## Task to carry out
Each entry below is to be transcribed exactly; pictures are not copied.

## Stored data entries

============================================================

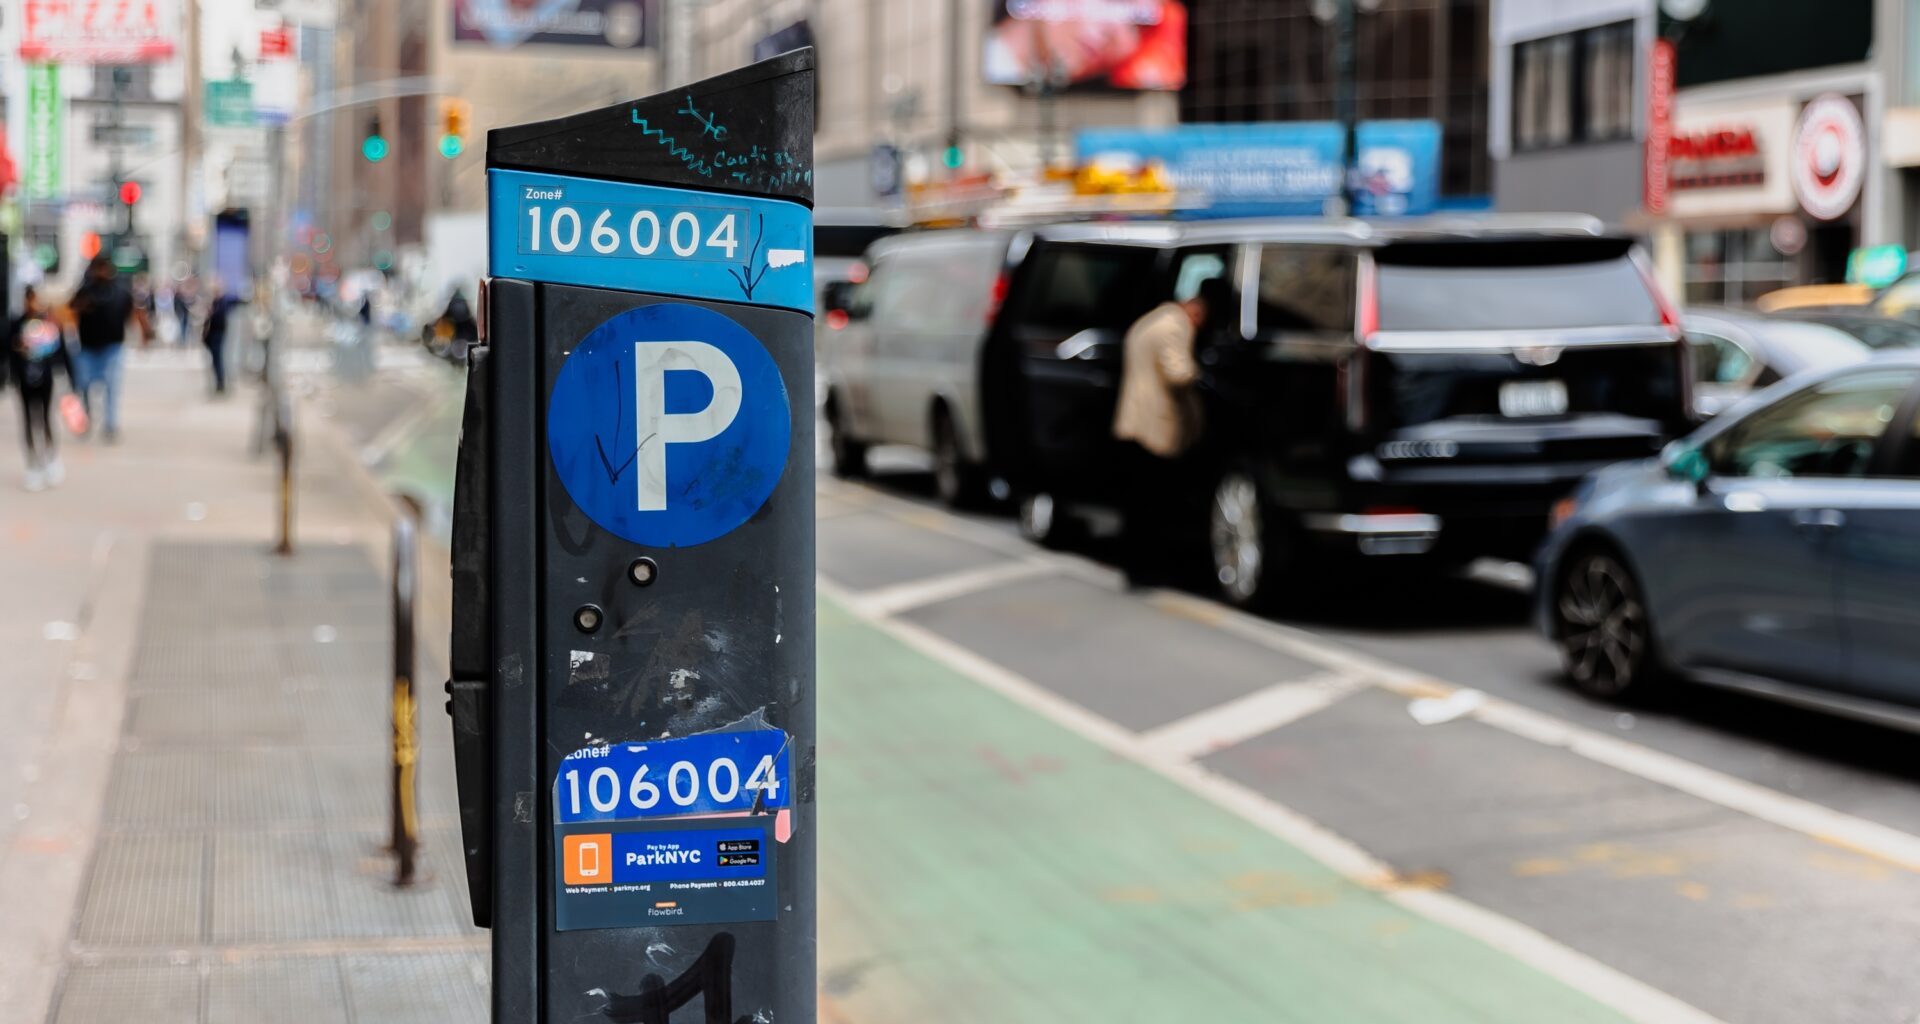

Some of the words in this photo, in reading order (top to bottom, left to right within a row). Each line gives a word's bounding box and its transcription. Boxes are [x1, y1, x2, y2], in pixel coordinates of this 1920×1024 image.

[525, 188, 563, 200] Zone#
[528, 206, 738, 258] 106004
[635, 341, 743, 511] P
[566, 754, 780, 814] 106004
[626, 849, 701, 866] ParkNYC
[580, 886, 608, 895] Payment
[690, 881, 717, 890] Payment

============================================================

## Solution for this exercise
Some of the words in this photo, in reading order (top to bottom, left to right within a row). Each line gives a word's bounding box and its transcription. Boxes are [x1, y1, x2, y2], in pixel coordinates of this 1920×1024 image.

[525, 188, 563, 200] Zone#
[528, 206, 738, 258] 106004
[635, 341, 743, 511] P
[566, 754, 780, 814] 106004
[626, 849, 701, 866] ParkNYC
[580, 886, 608, 895] Payment
[690, 881, 717, 890] Payment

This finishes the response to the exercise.